This advice was given by Professor AbdulGafar Ijaiya of the Economics Department, University of Ilorin,  while speaking with Newsmen in Ilorin, Kwara State capital, North Central, Nigeria.
The Expert, while noting that the country can no longer blame the economic situation of the country on the exchange rate due to its over reliance on the US dollar, suggested that the country should bypass the US dollar since the majority of its international trade transactions are done with China and other Asian countries.
 He said, “You cannot continue to blame the exchange rate, no, Nigeria has been turned into a US dollar economy, so, we’re at the mercy of the US Dollar and the question is, why continue to rely on the US dollar while more than 90% of what we import into this country come from the Asian countries.
“Since more than 70% of our imports come from China, why not bypass the US dollar, do we have to go through the dollar market before we change our money to Chinese Yuan before buying things from China?
“Now, some Muslims are preparing to go to Makkah, (on pilgrimage) the National Pilgrims Board has said Muslims should begin to pay part of the money as a down payment and a deadline has been given to pay almost Five million Naira. Can’t we bypass the US dollar and go straight to Saudi Riyal?”he queried.
Ijaiya maintained that Nigeria can take cue from other countries who are already doing this.
Bypassing the US dollar is possible, other countries are doing it. During the Buhari administration, there was an arrangement for a currency swap with China but the political will and commitment to implement it was not there …
“The leadership of the country needs to have that strong political and independent mind to make decisions just like other countries have done in recent times.

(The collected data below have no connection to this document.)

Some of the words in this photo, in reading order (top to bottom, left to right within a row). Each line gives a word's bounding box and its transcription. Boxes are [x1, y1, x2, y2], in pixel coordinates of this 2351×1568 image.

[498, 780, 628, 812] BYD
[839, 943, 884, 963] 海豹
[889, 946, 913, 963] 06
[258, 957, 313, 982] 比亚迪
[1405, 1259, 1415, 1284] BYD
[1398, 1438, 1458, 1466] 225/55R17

“Just a month or two ago, Saudi Arabia and China had a bilateral currency swap agreement worth about $ 6 billion to bypass the US dollar. The United States could not do anything about it.
“When we were removing subsidies from petrol, Kenya did the same thing, there were demonstrations in Kenya and before you know it, the Kenyan President approached the Saudi Arabian Government to accept their Kenyan shillings for payment for petrol. That solves the problem of a hike in petroleum prices in Kenya.

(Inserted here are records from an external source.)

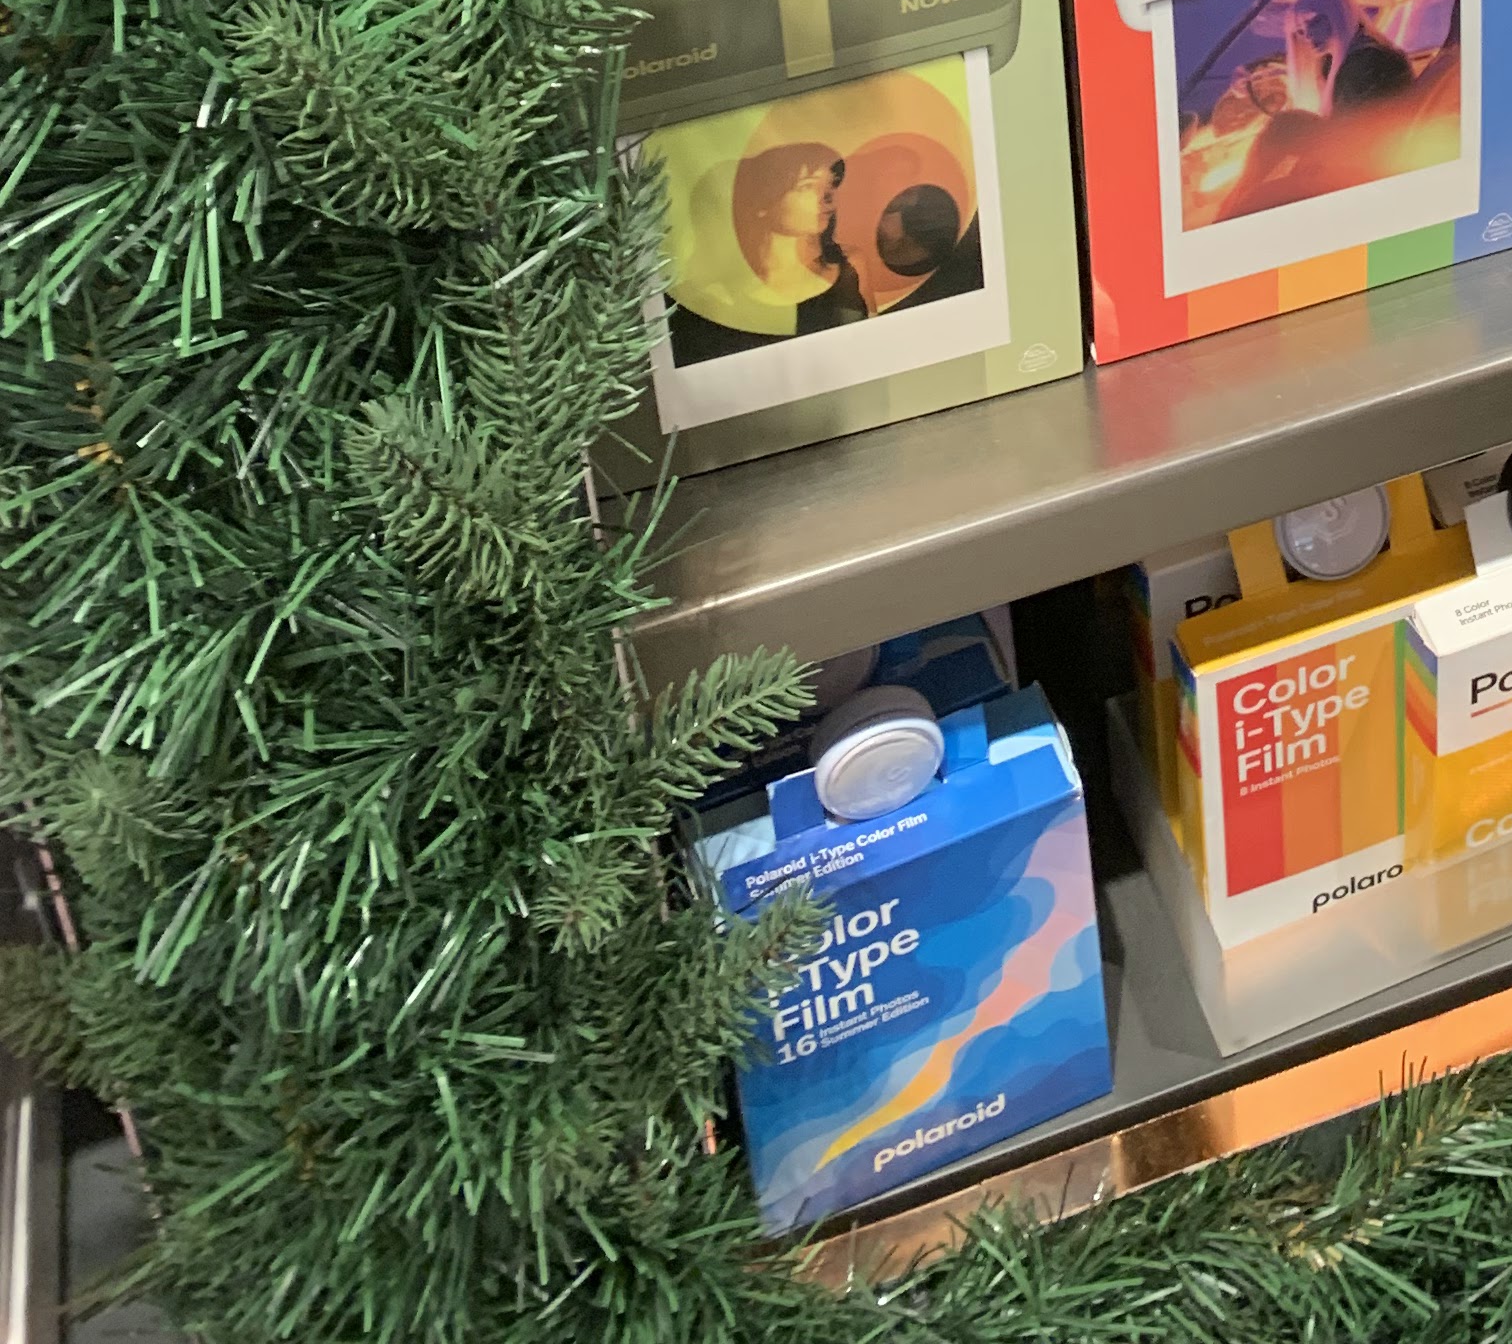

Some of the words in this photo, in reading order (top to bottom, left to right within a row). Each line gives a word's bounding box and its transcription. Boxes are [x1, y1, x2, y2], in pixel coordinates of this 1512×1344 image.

[619, 42, 718, 83] olaroid
[1454, 608, 1462, 618] 8
[1463, 599, 1490, 615] Color
[1459, 609, 1494, 626] Instant
[1233, 655, 1356, 715] Color
[1235, 685, 1370, 751] i-Type
[1237, 732, 1327, 783] Film
[1239, 786, 1249, 798] 8
[1249, 770, 1294, 793] Instant
[745, 857, 806, 890] Polaroid
[809, 841, 856, 868] i-Type
[856, 824, 896, 847] Color
[897, 811, 928, 832] Film
[814, 851, 865, 878] Edition
[1312, 863, 1404, 914] polaro
[773, 982, 875, 1043] Film
[776, 1033, 818, 1066] 16
[819, 1011, 868, 1039] Instant
[869, 990, 919, 1016] Photos
[820, 1018, 879, 1049] Summer
[881, 995, 930, 1022] Edition
[873, 1092, 1006, 1174] polaroid

“The newly formed international body called BRICS, -Brazil, Russia, India, China and South Africa – are now trading amongst themselves bypassing the US dollar; Egypt has joined as well as other African countries. Nigeria is yet to join BRICS. The last time members of this organisation met in South Africa, Nigeria, represented by our Vice President went there as an observer…”
The Economist recalled the use of counter trade (not different from barter trade) as a means of international trade transactions by the military administration of General Muhammadu Buhari and General Tunde Idiagbon, which bypassed the US dollar and set Nigeria on a path to prosperity.

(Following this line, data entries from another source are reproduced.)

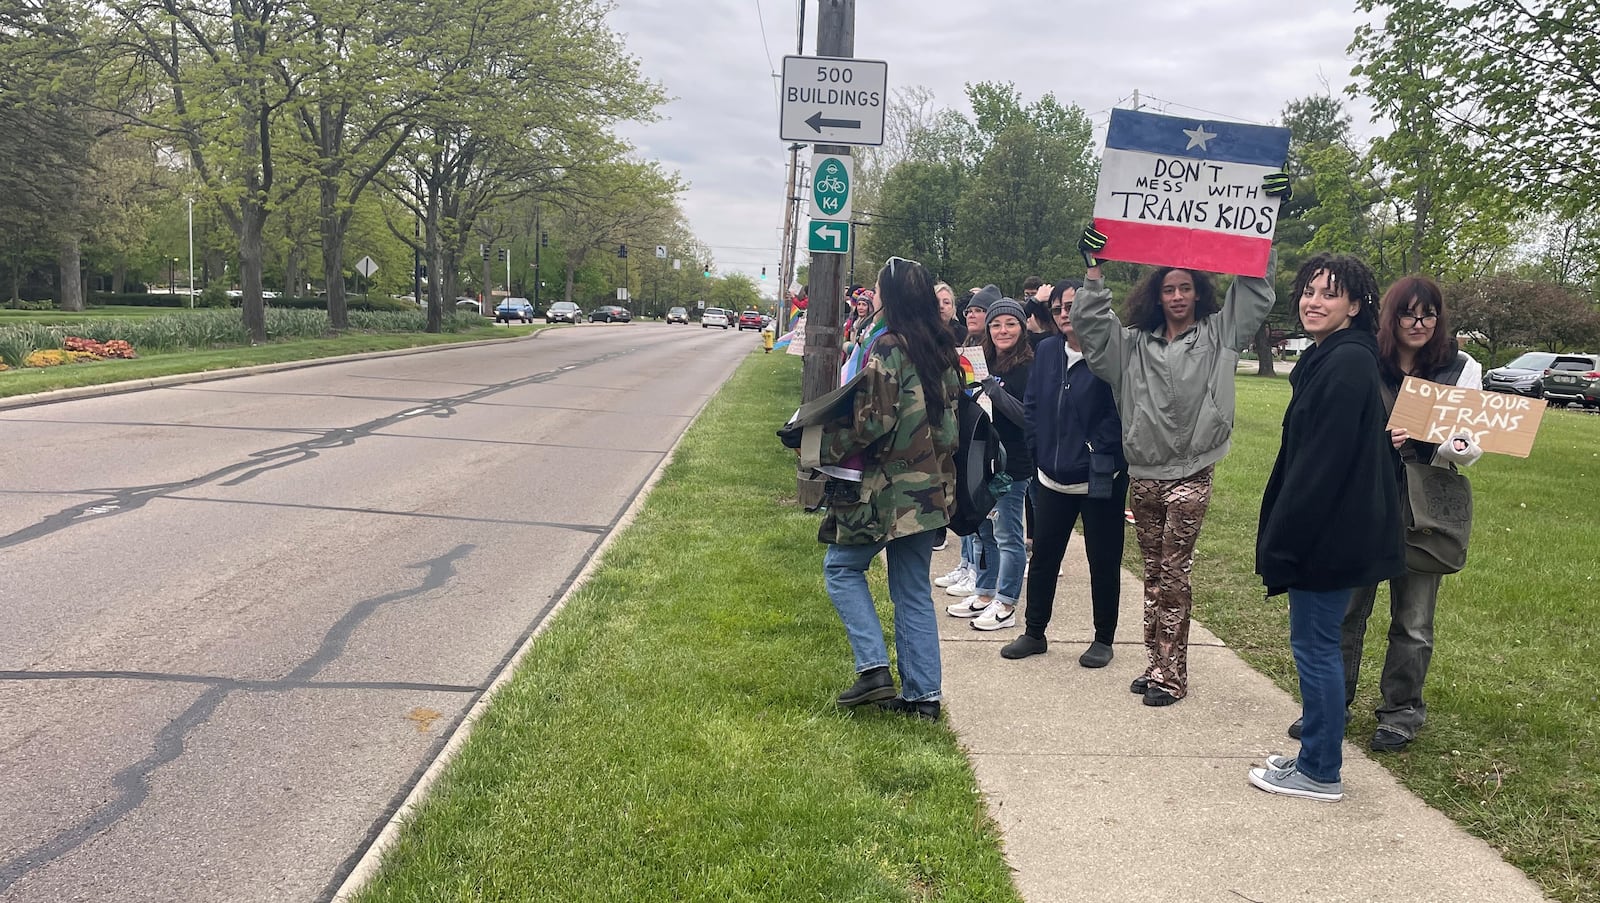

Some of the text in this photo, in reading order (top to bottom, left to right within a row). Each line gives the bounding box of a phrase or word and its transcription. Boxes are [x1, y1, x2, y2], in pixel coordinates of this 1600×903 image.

[817, 66, 853, 83] 500
[787, 87, 880, 107] BUILDINGS
[1154, 158, 1223, 183] DON'T
[1136, 177, 1258, 199] MESS WITH
[822, 196, 839, 210] K4
[1111, 191, 1274, 234] TRANS KIDS
[1405, 379, 1530, 411] LOVE YOUR
[1433, 405, 1524, 432] TRANS
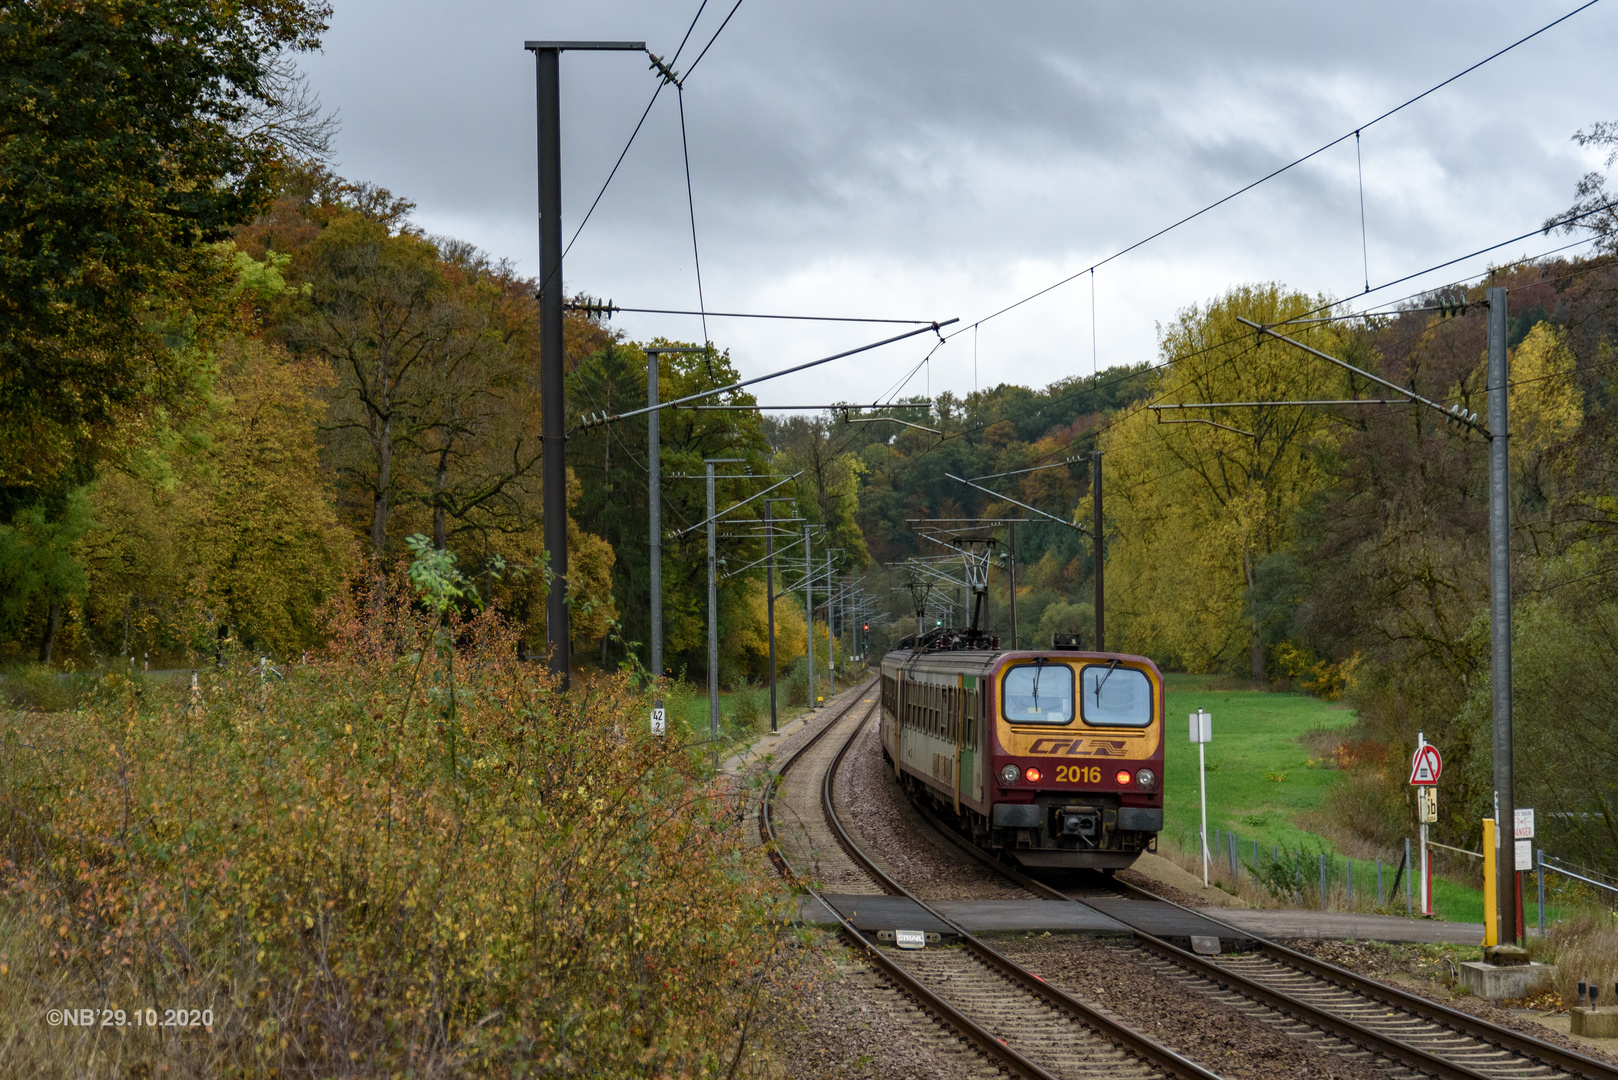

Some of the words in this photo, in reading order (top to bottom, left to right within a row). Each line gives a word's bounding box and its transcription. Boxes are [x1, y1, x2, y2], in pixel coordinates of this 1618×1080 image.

[653, 711, 662, 720] 42
[1028, 738, 1093, 755] CFL
[1055, 765, 1102, 783] 2016
[1514, 826, 1532, 836] ANGER

“Unfortunately, the policy was abandoned by the succeeding administration of General Babangida, who went on to introduce the Structural Adjustment Programme (SAP). An IMF and World Bank programme with devaluation, privatisation of government enterprises and removal of oil subsidy as some of its conditions.
“That began the sojourn of our nation’s economic challenges, which to date we found difficult to get out of.”

Strengthen other sectors

The Offa-born Economist also stated that the country’s economy can be strengthened when the real sector which includes agriculture, mining and manufacturing are revived.
He also stressed the need to revive manufacturing industries in the country.
Ijaiya also advocated the need for State and local governments to oversee the mining sector, noting that the sector would perform better if it is not solely under the exclusive list of the Federal Government.
 He added that every state in the country could cater for its needs with the natural resources they have if it had the power to control the resources in its States and create more industries.
“The mining industry, for instance, unfortunately, states, and local governments can’t access it, but why? In the 1960s, I was born and bred in a tin mining company in Jos, the regions then took charge of the mining sector…
 “There is no state that doesn’t have enough mineral resources to curtail itself; for instance, the material used for making batteries (Lithium) has been in Kwara for ages but who is in charge? The Federal Government gives licenses to individuals to mine the minerals, but unfortunately, there is no industry to process the minerals, or even to turn the mineral resources into final goods. We have to take them outside the country for processing,”he said.
The Professor of Economics also called for improved security to help boost the agriculture sector.